Rails Meetup March 2016: Rails Performance Optimization, Bundler, + Internationalization­


At Iron.io, we love to give back to the coding community in our hometown of San Francisco by hosting developer events through the SF Rails Meetup and the GoSF Golang Meetup. Our March 2016 meetup was a triple threat of talks on performance optimization, dependency management, and internationalization.

Andre Arko (@indirect), the Lead developer of Bundler, works at Cloud City Development and the founder of Ruby Together. He gave a talk called “How does Bunder Work, Anyway?”


Andre walked us through the history of dependencies. We’ll start with Require in 1994. Require has been around since 1997, which was the oldest commit Andre could find in CVS. Require just loads code from another file, and makes sure files are in appropriate load paths and not executed twice.

After a while, it became tedious to copy files and update load paths, so setup.rb was written. Amazingly, it still exists on the internet! It has not been updated since 2005. Setup.rb copies the idea of a unix installer. You run:

ruby setup.rb setup
ruby setup.rb config
ruby setup.rb install

…and copy the files to the appropriate place. Unfortunately, there were no versions and no uninstall. Ouch!

At this point, Ruby Gems happened. This was around 2003, and installing libraries was gem install / gem uninstall. As a cool side effect of making this easy, Ruby Gems added support for versioning. Hooray! Ruby Gems adds a patch to the require method to fetch the latest version of any gem from the require method call. Unfortunately gem apps don’t play well with others. I started a Rails job in 2008 and was told that they would be very impressed if I could get the app running on my laptop in seven days.

Rails tried to solve this problem. It let you say “config.gem” inside your Rails application. Ruby gems does run-time dependency resolution, and the way you solve this problem is to check the versions against each other when you install them, rather than when you run them and it’s too late. This is what Bundler does, and why it’s so awesome.

Back in the day, the way you solved activation errors was to update gem versions until they would work. This isn’t something humans are good at, but computers are great at it! It’s called dependency graph resolution.

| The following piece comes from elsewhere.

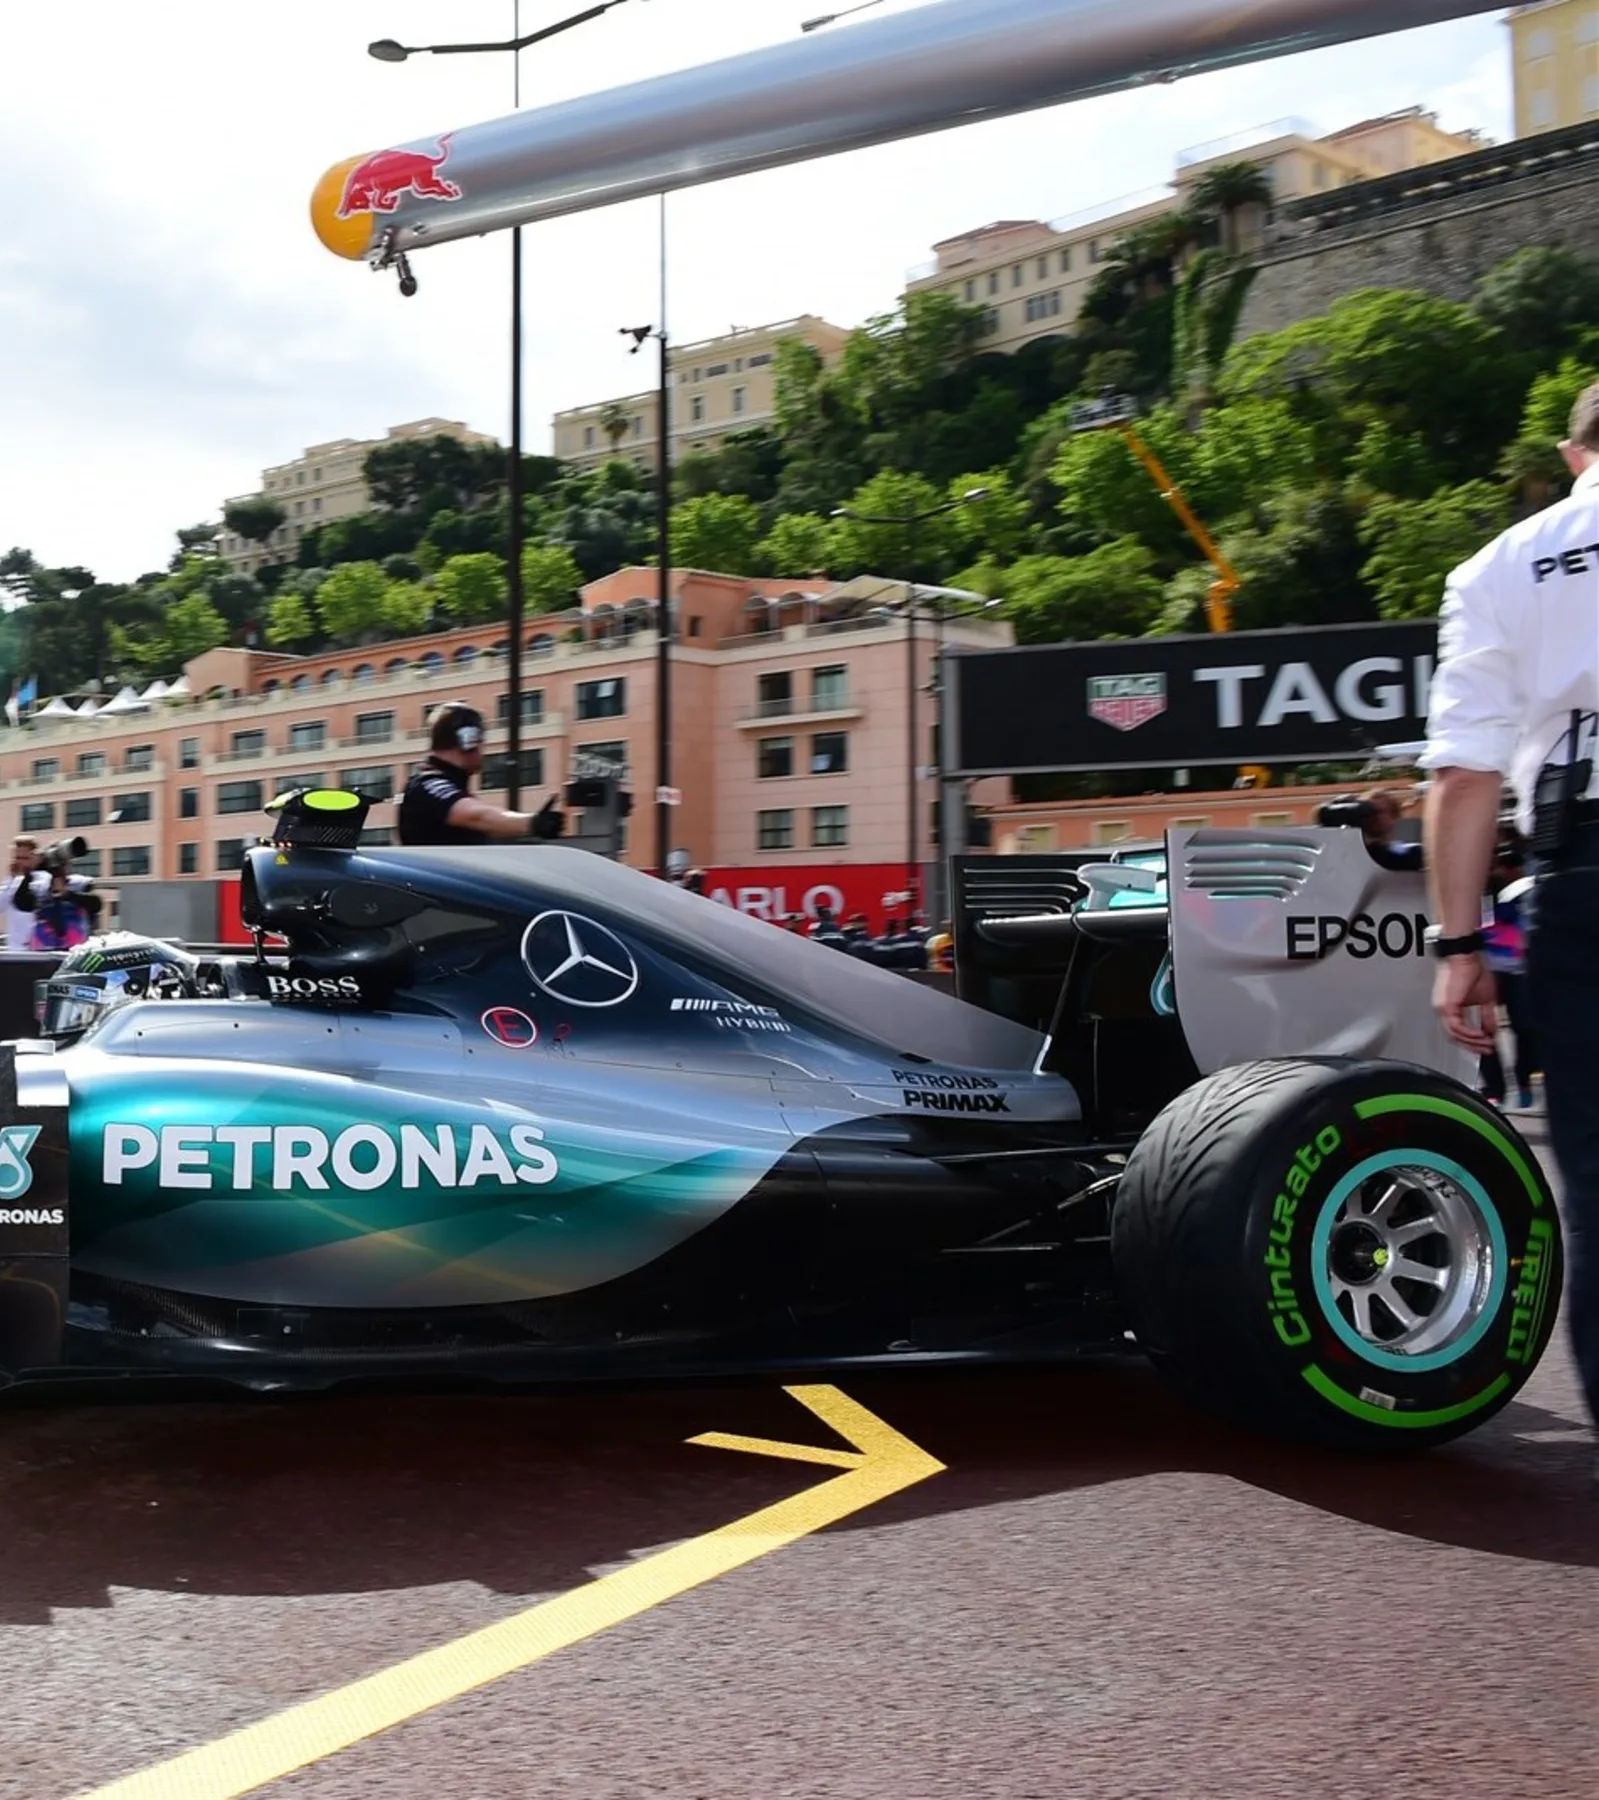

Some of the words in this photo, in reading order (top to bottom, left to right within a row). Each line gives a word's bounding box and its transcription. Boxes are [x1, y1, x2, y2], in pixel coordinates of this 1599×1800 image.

Bundler shipped in 2010, and we’ve been making improvements since then. We’ve built a completely new API for gems to make things faster, and support for multiple sources so you can use a private gem server.

Andre wants you to contribute! Check out @bundlerio on Twitter, or email team@bundler.io.
frederik_vollertFrederik Vollert (@frederikvollert) gave a talk on Going Global: How to internationalize a Rails App.

Internationalization is preparing code for an international audience. This includes copy and templates, encoding, routing and language detection, date and time, currency and payment.

Internationalization Tips:

Prepare early. Use keys in templates from the start; use constants and symbols instead of string values for options in lists.

Allow 20% stretching space for captions, and even more on buttons.

Every time should be stored as UTC, it’s a huge time saver later when you run into multiple time zones.

Money should always be stored as integers. Don’t store these values as floats — make sure you store the currency name as well as the value.

Always use UTF-8.

Localization is the process of adapting software to a specific locale. You’ll end up with the translation of your locale file, support for your local currency, and making sure that your graphics, references and names are culturally adequate. You also have to check for legality and tax issues.

Language codes start with Language code, then a hyphen, then the country code.

Rails has the t() translate method, as well as placeholders, pluralization, and the html-suffix. Pluralization is usually a bad idea; almost anything with concatenation of strings is a bad idea because languages work very differently.



alexander_dymoAlexander Dymo (@alexander_dymo) is the author of Ruby Performance Optimization, published by The Pragmatic Programmers.

From Rails 1 through Rails 5, the one thing that has stayed the same has been poor performance. Alexander has an old Rails application using Ruby 1.8.7. Taking that version as a benchmark at 100% performance, 2.0.0 went to 65% the time that it took to execute. 2.1 Brought us down to 37%.

What caused these optimizations? In 1.9.3, we got a better interpreter. Micro-optimizations ceased to work. In 2.1, we got an even more important upgrade, due to a generational garbage collection implementation. These type of memory optimizations are the only things that really improve performance.